Hi, I'm new to this board, but I have been reading previous posts for a while now. I recently moved away from a great pre-pro school (Saint Louis Ballet) to the middle of nowhere because of my dad's job. I am young (almost 14) but my teachers have told me that I have amazing feet, a good facility for ballet, and much potential. All of the auditions I have had so far have been successful.

Unfortunately, the school I am currently at is not going to turn me into the professional I aspire to be. It is a local school that has been around for a while, but the studio is awful and the teaching is not outstanding. I realize that what I need is another school, but when I suggested to my parents a great ballet school 30 minutes away from my house, there was an immediate "NO."

I then suggested a residency program. I was recently accepted into The Rock School SI, and one of the teachers comes to my studio in August for worskhops. I started doing my research about the year-long program and was very pleased with the results.

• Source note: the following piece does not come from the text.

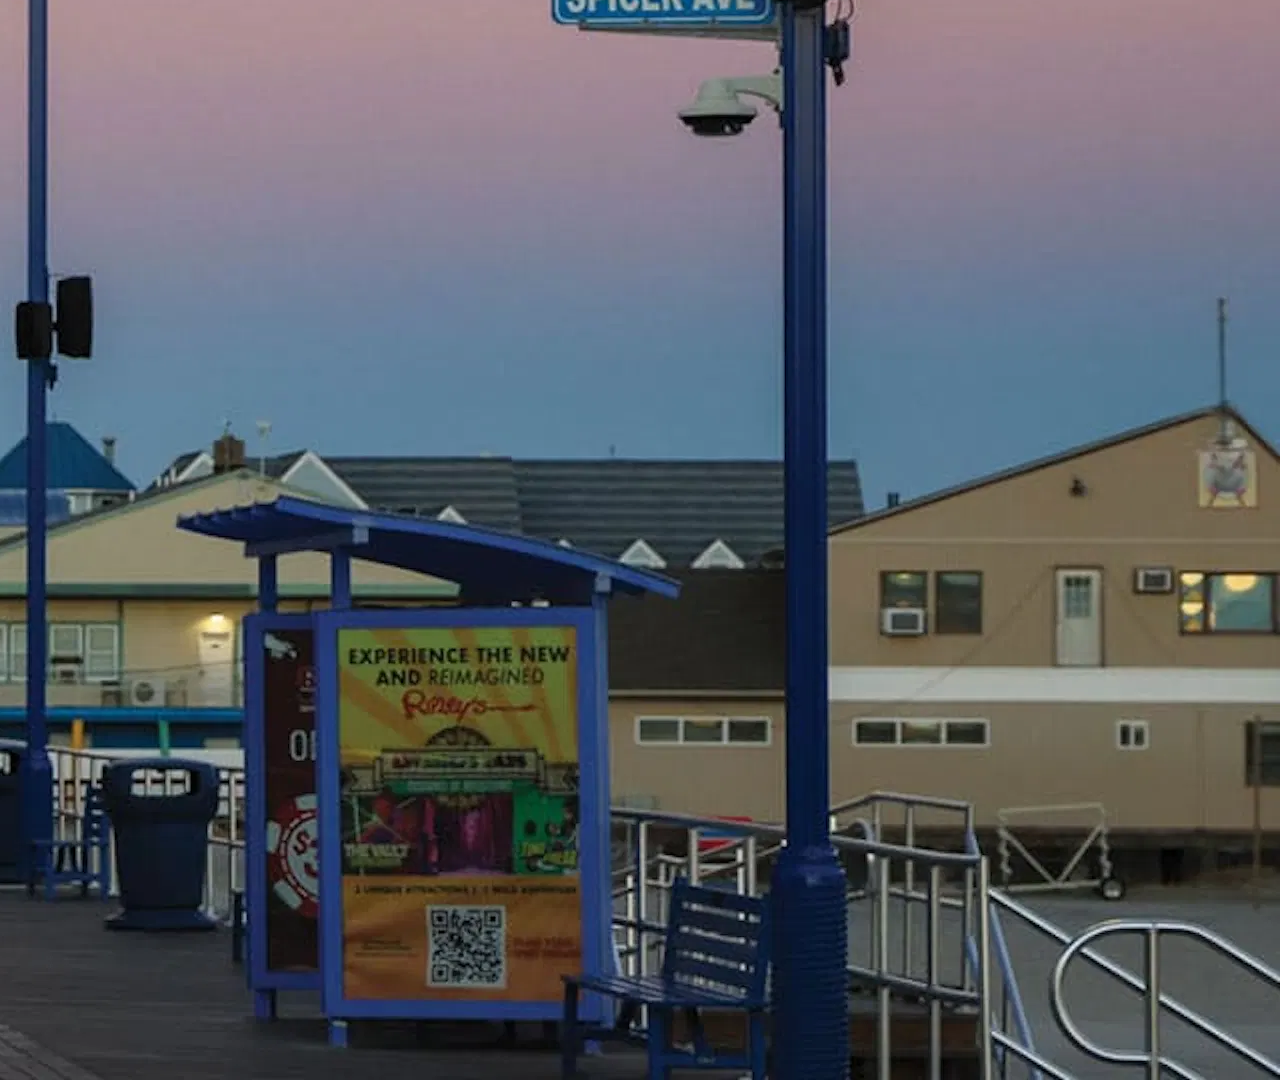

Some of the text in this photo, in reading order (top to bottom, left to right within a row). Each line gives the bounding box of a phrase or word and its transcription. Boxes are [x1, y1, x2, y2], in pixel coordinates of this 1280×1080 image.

[348, 646, 571, 665] EXPERIENCE THE NEW
[376, 667, 545, 686] AND REIMAGINED
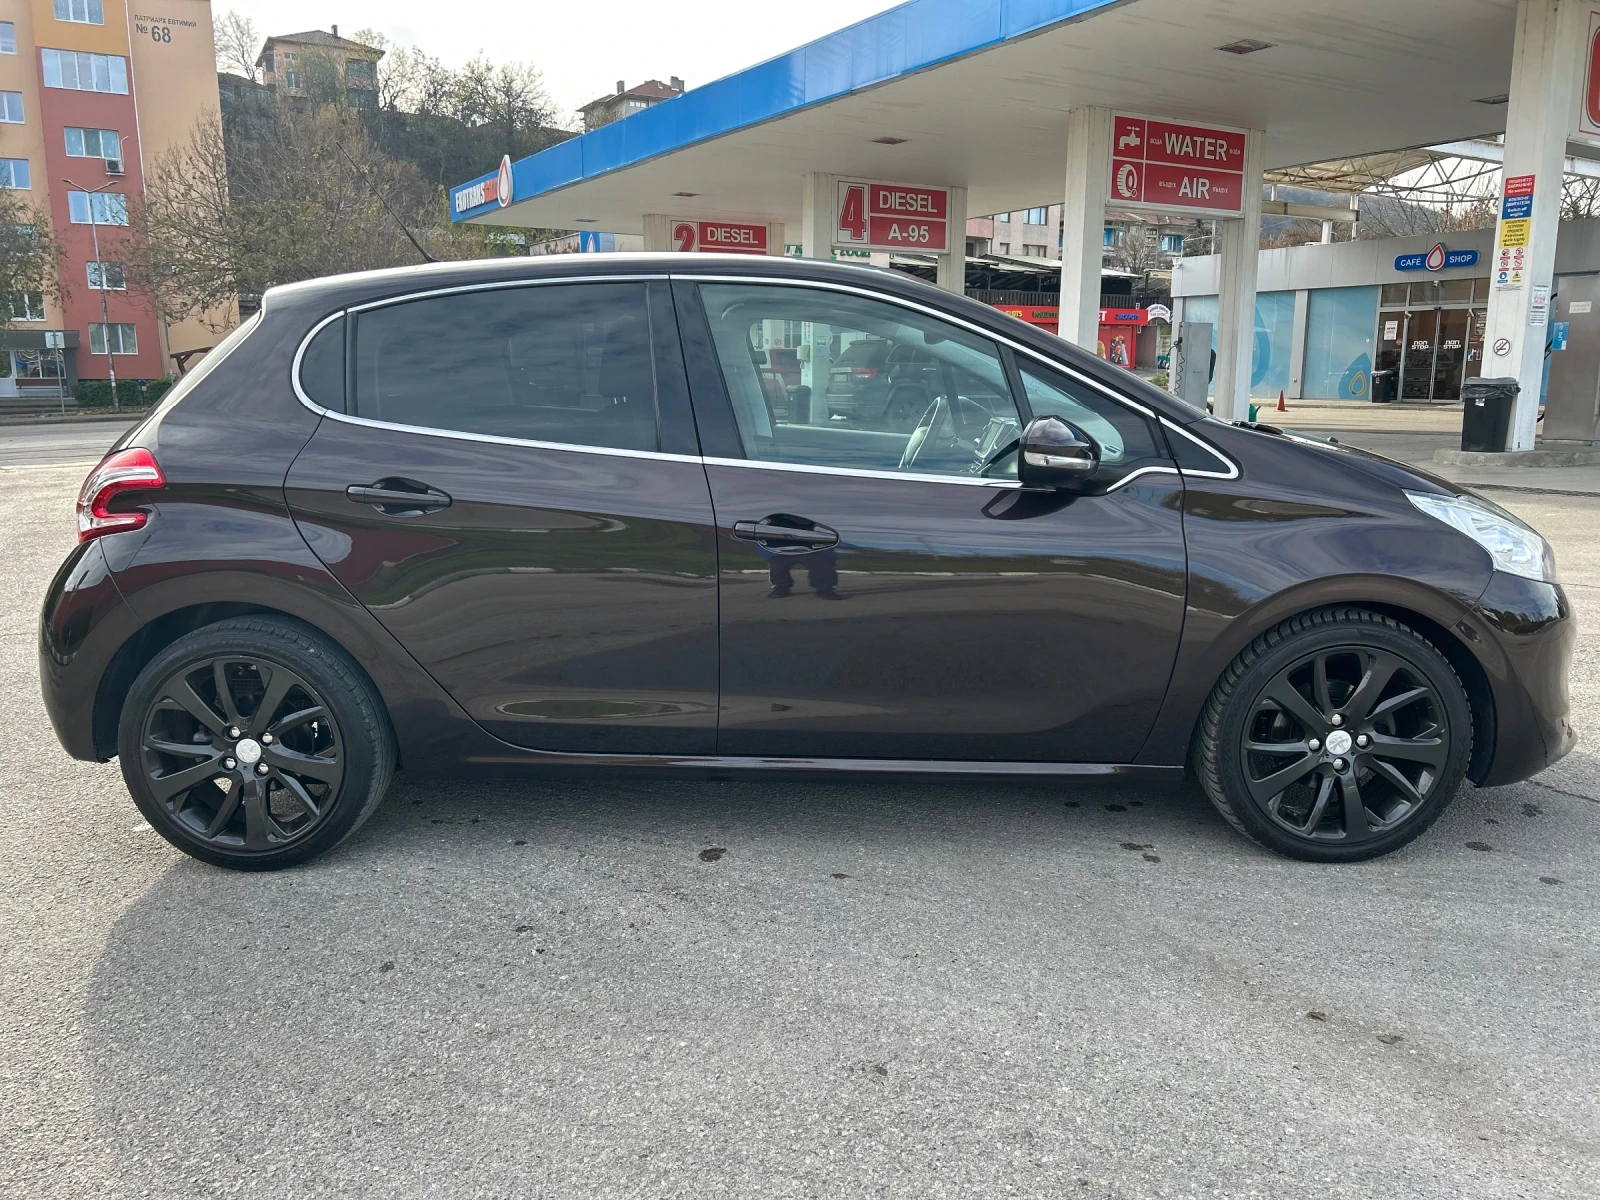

Opposite of my father, of course. He says that while he was in college he met kids who went to boarding schools that were very wild and he doesn't want that happening to me. Sadly, when he says something strongly (like that) he sticks to it. Luckily, I happened to inherit that "determination," if you could call it that. Part of my dream is to no what it's like to be independent, and to go to a pre-pro school.

This year will be the first summer away from my family, and still my parents are hesitating after they promised me I could go. I am not going to let this part of my dream fade (partly because I can't). Please, parents, teachers, dancers, how can I please my family and live out my dream? We only have one life to live and I've already decided this is how I'll live mine.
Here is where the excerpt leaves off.